Décembre 2007. Hermann Ngoudjo se prépare à affronter Paulie Malignaggi pour le titre IBF des super-légers. On arrive à la « conférence de presse » au fond du défunt Archie Gym, en face de l’Interpool, deux hauts lieux de la culture des cégépiens d’Ahuntsic de l’époque. Le point de presse est en fait une conférence téléphonique, sans images. Ngoudjo se penche donc au-dessus du téléphone en mode mains libres en insultant le pauvre Malignaggi. « Quand on t’écoute parler, c’est comme un disque qui saute ! » Au fond de la pièce, l’entraîneur de Ngoudjo, Howard Grant, mange son quart de poulet cuisse en tentant de se faire discret. Avec les journalistes, les caméramans, Ngoudjo, Grant, Yvon Michel et Dieu sait qui d’autre, dans une salle grande comme une chambre à coucher, on comprenait assez vite la définition d’un environnement bancal. Pour un journaliste qui sortait de la salle de rédaction environ une fois par mois, c’était une expérience mémorable.

Simon-Olivier Lorange

PHOTO JOCELYN RIENDEAU, ARCHIVES LA TRIBUNE

Jacques Villeneuve, un habitué du Grand Prix de Valcourt, ici en 2010 

Le Grand Prix Ski-Doo de Valcourt est un évènement sportif dont on discute peu dans les estaminets de Rosemont, mais qui est hautement prisé des amateurs de motoneige nord-américains. C’est aussi une manifestation rendue possible par une organisation rodée au quart de tour qui traite aux petits oignons les journalistes qui la couvrent. La galerie de presse ? Chauffée à bloc. La connexion internet ? Cristalline. En région et en 2008, ce n’était pas rien. Question facile, toutefois : par un froid de 30 degrés sous zéro, qu’arrive-t-il à l’encre des stylos apportés par un journaliste bobo qui a oublié son enregistreuse à la maison ? Voilà, ça gèle. Et un pilote de motoneige qui vient de gagner une course, ça jase. Beaucoup. Même si son interlocuteur ne sent plus ses extrémités depuis longtemps et ne pose plus de questions, occupé à mémoriser les grandes lignes de ce qu’on lui raconte, faute de pouvoir prendre des notes. Un autre beau moment de journalisme.

Pascal Milano

PHOTO ENRIGUE MARTINEZ, ARCHIVES ASSOCIATED PRESS

L’Impact célèbre un but marqué contre l’Alajuelense en demi-finale de la Ligue des champions de la CONCACAF, au Costa Rica, le 7 avril 2015.
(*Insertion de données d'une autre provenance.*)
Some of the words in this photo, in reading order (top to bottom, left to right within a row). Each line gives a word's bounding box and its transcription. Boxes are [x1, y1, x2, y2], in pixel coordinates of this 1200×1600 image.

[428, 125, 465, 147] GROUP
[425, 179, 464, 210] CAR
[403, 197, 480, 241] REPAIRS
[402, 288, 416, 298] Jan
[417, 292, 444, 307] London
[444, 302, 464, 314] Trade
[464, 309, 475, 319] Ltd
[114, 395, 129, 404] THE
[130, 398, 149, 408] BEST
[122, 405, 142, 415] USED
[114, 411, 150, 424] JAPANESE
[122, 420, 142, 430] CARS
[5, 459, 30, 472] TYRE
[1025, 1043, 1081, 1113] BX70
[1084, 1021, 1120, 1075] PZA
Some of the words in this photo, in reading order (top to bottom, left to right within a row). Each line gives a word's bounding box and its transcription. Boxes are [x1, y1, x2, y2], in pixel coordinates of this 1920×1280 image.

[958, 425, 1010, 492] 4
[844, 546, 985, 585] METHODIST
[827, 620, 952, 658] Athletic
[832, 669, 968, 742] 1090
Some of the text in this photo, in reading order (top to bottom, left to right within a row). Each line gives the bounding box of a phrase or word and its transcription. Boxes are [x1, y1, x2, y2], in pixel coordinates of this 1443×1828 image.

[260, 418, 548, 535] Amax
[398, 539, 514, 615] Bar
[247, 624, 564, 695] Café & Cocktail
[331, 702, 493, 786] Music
On parle souvent d’« arbitrage CONCACAF » pour désigner des décisions douteuses. On peut tout aussi bien parler de « tribune de presse CONCACAF ». À Alajuela (Costa Rica), lors de la Ligue des champions 2015, les journalistes étaient placés dans un petit abri de style baseball entre un but et un poteau de corner. Résultat, il était difficile de bien suivre l’action dans le camp opposé. Pire, on ne voyait que le flanc droit du terrain. Par exemple, nous n’avons pas vu le but d’Andrés Romero. Ce n’est qu’en le voyant jubiler, devant nous, que nous avons compris. Résumons : une vue tronquée, peu de télévisions, de rares prises électriques pour brancher l’ordinateur et… un sérieux mal de tête. Avec le temps, par contre, ce sont les souvenirs d’une ambiance passionnée et d’un match à rebondissements qui demeurent. C’est aussi ça, l’effet CONCACAF.

Alexandre Pratt

C’était en septembre 1999, à Cooperstown, dans l’État de New York. Je couvrais une réunion du baseball majeur. Il faisait un temps de chien. Une pluie torrentielle, alimentée par la queue de l’ouragan Floyd. De l’eau s’infiltrait sous la porte de ma chambre de motel. L’électricité partait et revenait. L’heure de tombée approchait. Je devais envoyer mon texte. Sauf que c’était avant le réseau sans fil. Je devais brancher mon ordinateur dans une prise de fax. Ce qu’il n’y avait pas dans ma chambre. La réception du motel était vide. Comme je n’avais pas d’auto, j’ai dû retourner au village, pluie battante, pour trouver un télécopieur dans l’autre hôtel – beaucoup plus chic. J’ai branché mon câble et composé à peu près 34 chiffres à partir de mon ordinateur : le numéro d’AT&T, suivi du numéro de ma carte d’appel, puis du numéro du pupitre des sports de La Presse. Ce qui ne fonctionnait jamais du premier coup. Il fallait tendre l’oreille et calculer le délai entre chaque étape. Pour chaque seconde d’attente, il fallait ajouter une virgule. Une technologie dont je ne m’ennuie pas une virgule… euh, une seconde !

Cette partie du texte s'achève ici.